Following the success of these two singles, he released his debut album as Scatman John, also titled Scatman's World, which entered the top 10 album charts in many countries, including his then home Germany as well as in Switzerland, Finland and Norway; the album eventually sold millions of copies worldwide, becoming so popular that a Scatman John design appeared on Coca-Cola cans. He began a promotional and concert tour of Europe and Asia. Referring to a performance in Spain, Larkin said, "the kids screamed for five minutes straight, I couldn't start the song".

The second Scatman John album, Everybody Jam!, was released in 1996. While nowhere near as successful on an international level as his debut, the album and accompanying single took off in Japan, the country in which he would see success on a larger scale than anywhere else in the world. In Europe, subsequent singles failed to replicate the chart success of his first two singles, giving him the title two-hit wonder.

The Japanese version of Everybody Jam! included a total of five bonus tracks, including the hit singles "Su Su Su Super Ki Re i" and "Pripri Scat", which were commissioned by Japanese companies for commercials for cosmetics and pudding, respectively.

The Ultraman franchise even jumped on the Scatman bandwagon, releasing a single titled "Scatultraman", the cover art of which featured the Ultraman characters wearing Scatman's trademark hat and mustache. The album reached No. 45 in Switzerland.

The song "Can You Hear Me" was posthumously released in 2025.

==Illness and death==
In late 1998, Larkin was diagnosed with lung cancer. In June 1999, he released his fourth and final album as Scatman John, Take Your Time. Shortly afterward, he was sent into intensive treatment. Around that time it was rumored that John had collapsed on stage, which was false, since he had never performed in public after being diagnosed.

Larkin died at home in Los Angeles on December 3, 1999, at the age of 57. He was cremated, and his ashes were scattered at sea off the coast of Malibu, California, two years later.

His widow, who was the granddaughter of composer Jimmy McHugh and entertainer Eddie Cantor, died in 2023.

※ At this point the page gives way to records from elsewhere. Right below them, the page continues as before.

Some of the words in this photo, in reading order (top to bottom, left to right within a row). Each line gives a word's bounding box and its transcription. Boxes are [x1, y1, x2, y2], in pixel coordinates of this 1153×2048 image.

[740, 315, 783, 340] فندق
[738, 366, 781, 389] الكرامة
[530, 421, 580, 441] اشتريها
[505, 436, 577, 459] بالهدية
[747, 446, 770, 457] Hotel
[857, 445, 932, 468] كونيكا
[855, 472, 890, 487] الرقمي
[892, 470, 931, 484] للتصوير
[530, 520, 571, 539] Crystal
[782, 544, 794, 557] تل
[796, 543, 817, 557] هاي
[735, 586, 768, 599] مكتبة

His stepson owns archives of Larkin: the John Larkin Archives and the Scatman John website.

==Discography==

- John Larkin (1986)
- John Larkin Sings (1990) (later released as Listen to the Scatman in 2001)
- Scatman's World (1995)
- Everybody Jam! (1996)
- Take Your Time (1999)

== Biographies ==
In 2022, Jeff Chi wrote and illustrated Who's The Scatman?, a graphic novel biography published in German. The comic details Larkin's rise in fame and career, as well as his recovery from drug and alcohol addiction. To gather details about Larkin's life, Chi conducted video chats with those who knew Larkin during his jazz days and Eurodance phase, including John's manager, Manfred Zähringer, the producers of his hit singles and albums, and musicians who knew him during his career.

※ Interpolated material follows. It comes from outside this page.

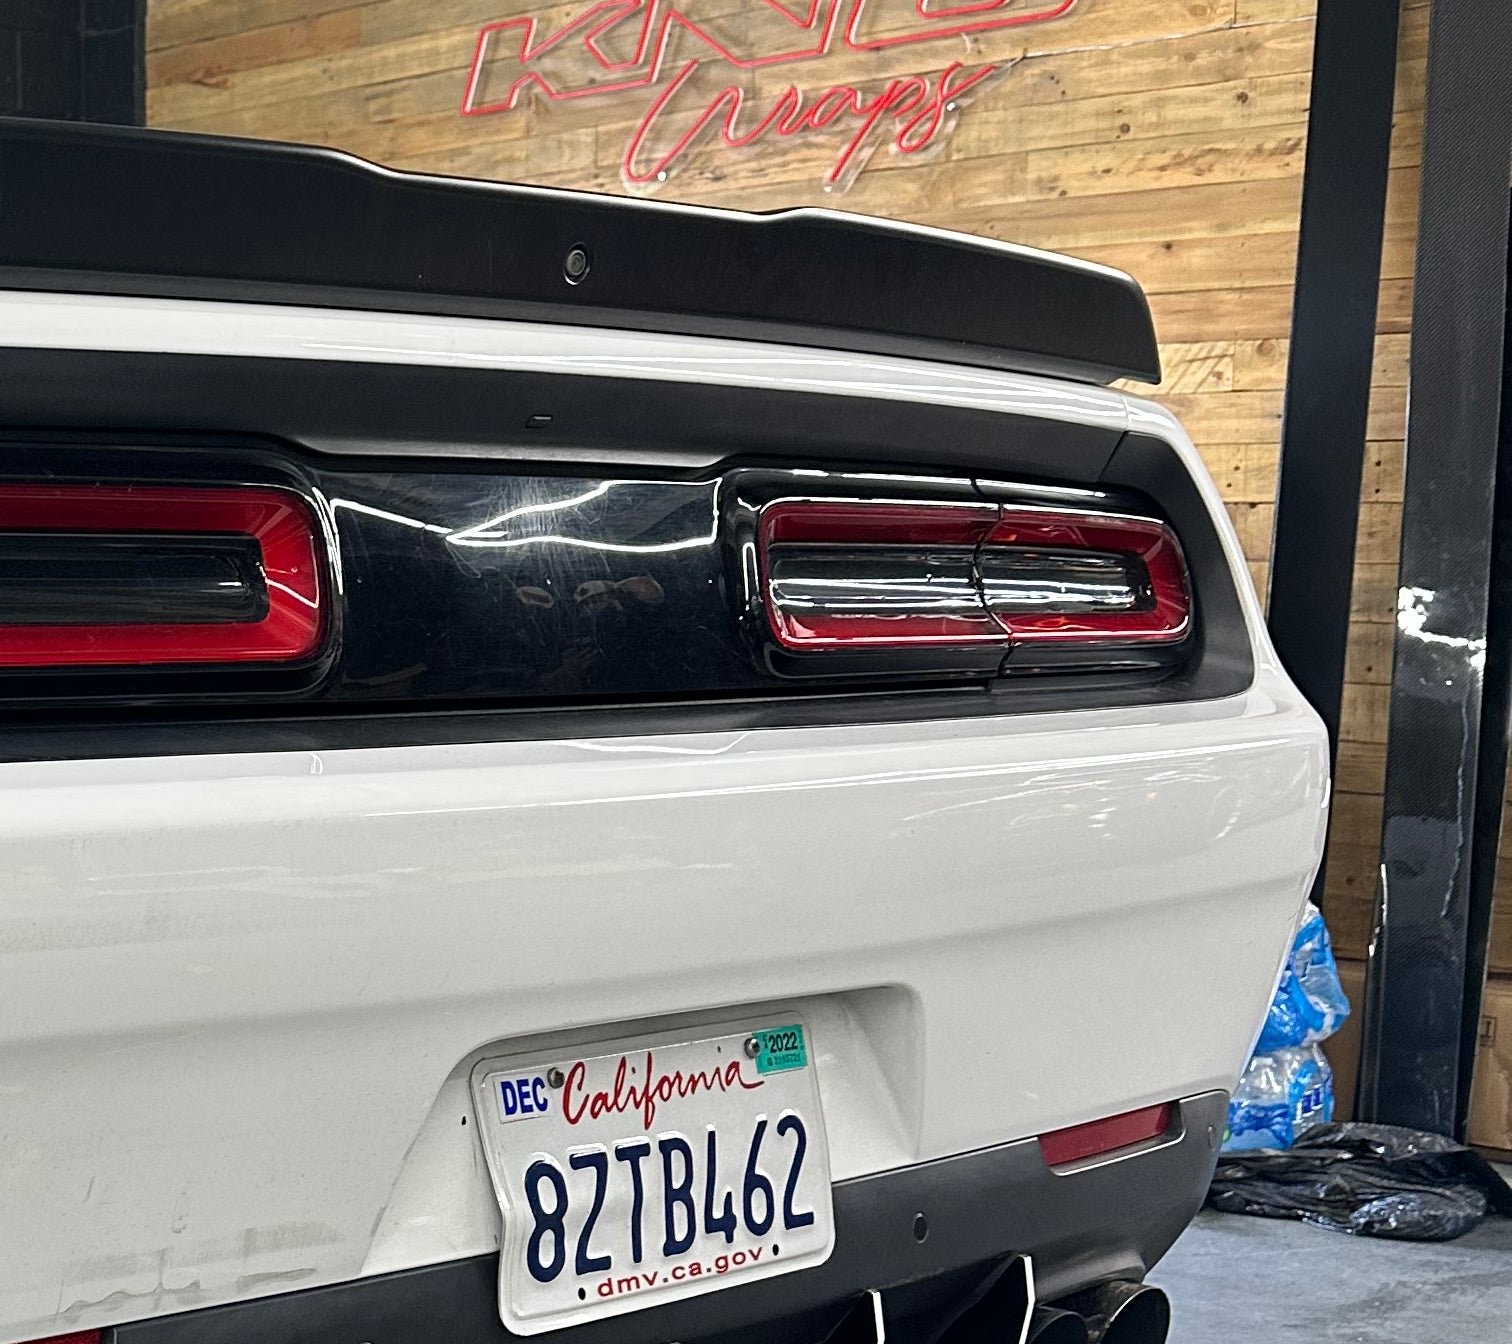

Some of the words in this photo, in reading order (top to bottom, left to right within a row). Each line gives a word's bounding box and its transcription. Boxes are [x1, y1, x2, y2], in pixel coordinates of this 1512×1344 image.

In March 2023, a biopic on Larkin's life was announced via The Hollywood Reporter. The rights to the life story were given by his estate, and the film is set to feature unparalleled access to the entire Scatman library as well as previously unpublished private home videos.

In September 2024, an authorized biography on Larkin's life written by Gina Waggott was officially announced for a late 2025/early 2026 release, published by Bloomsbury Publishing. More than half of the book contains details about Larkin and his life never previously made public. Titled Scatman John: The Remarkable Story of the World's Unlikeliest Popstar, it was released on February 5, 2026.